[EXERCISE PROMPT]
Every record below should be printed exactly as it appears.

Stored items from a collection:
'''
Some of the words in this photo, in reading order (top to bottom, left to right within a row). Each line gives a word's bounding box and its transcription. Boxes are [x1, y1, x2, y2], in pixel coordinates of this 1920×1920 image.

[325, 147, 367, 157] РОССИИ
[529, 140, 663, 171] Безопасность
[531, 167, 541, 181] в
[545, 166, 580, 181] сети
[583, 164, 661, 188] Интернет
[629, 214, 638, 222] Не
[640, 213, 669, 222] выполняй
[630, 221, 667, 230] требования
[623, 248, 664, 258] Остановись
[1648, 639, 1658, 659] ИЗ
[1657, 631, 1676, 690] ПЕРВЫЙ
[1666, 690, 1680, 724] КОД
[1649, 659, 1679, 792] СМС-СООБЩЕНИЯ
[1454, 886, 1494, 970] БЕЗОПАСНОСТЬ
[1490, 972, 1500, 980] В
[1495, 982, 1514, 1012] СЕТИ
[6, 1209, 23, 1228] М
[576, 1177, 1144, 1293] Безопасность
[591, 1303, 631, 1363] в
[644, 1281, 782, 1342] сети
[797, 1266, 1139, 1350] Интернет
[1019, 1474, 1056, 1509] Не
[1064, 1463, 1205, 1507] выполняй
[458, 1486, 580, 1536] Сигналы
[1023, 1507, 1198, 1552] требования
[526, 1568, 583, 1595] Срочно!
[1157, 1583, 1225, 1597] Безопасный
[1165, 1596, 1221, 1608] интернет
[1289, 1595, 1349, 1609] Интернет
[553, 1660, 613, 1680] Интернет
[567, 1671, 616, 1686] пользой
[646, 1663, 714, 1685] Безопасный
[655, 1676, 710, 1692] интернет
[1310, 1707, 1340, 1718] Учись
'''
[WRITTEN ANSWER]
Some of the words in this photo, in reading order (top to bottom, left to right within a row). Each line gives a word's bounding box and its transcription. Boxes are [x1, y1, x2, y2], in pixel coordinates of this 1920×1920 image.

[325, 147, 367, 157] РОССИИ
[529, 140, 663, 171] Безопасность
[531, 167, 541, 181] в
[545, 166, 580, 181] сети
[583, 164, 661, 188] Интернет
[629, 214, 638, 222] Не
[640, 213, 669, 222] выполняй
[630, 221, 667, 230] требования
[623, 248, 664, 258] Остановись
[1648, 639, 1658, 659] ИЗ
[1657, 631, 1676, 690] ПЕРВЫЙ
[1666, 690, 1680, 724] КОД
[1649, 659, 1679, 792] СМС-СООБЩЕНИЯ
[1454, 886, 1494, 970] БЕЗОПАСНОСТЬ
[1490, 972, 1500, 980] В
[1495, 982, 1514, 1012] СЕТИ
[6, 1209, 23, 1228] М
[576, 1177, 1144, 1293] Безопасность
[591, 1303, 631, 1363] в
[644, 1281, 782, 1342] сети
[797, 1266, 1139, 1350] Интернет
[1019, 1474, 1056, 1509] Не
[1064, 1463, 1205, 1507] выполняй
[458, 1486, 580, 1536] Сигналы
[1023, 1507, 1198, 1552] требования
[526, 1568, 583, 1595] Срочно!
[1157, 1583, 1225, 1597] Безопасный
[1165, 1596, 1221, 1608] интернет
[1289, 1595, 1349, 1609] Интернет
[553, 1660, 613, 1680] Интернет
[567, 1671, 616, 1686] пользой
[646, 1663, 714, 1685] Безопасный
[655, 1676, 710, 1692] интернет
[1310, 1707, 1340, 1718] Учись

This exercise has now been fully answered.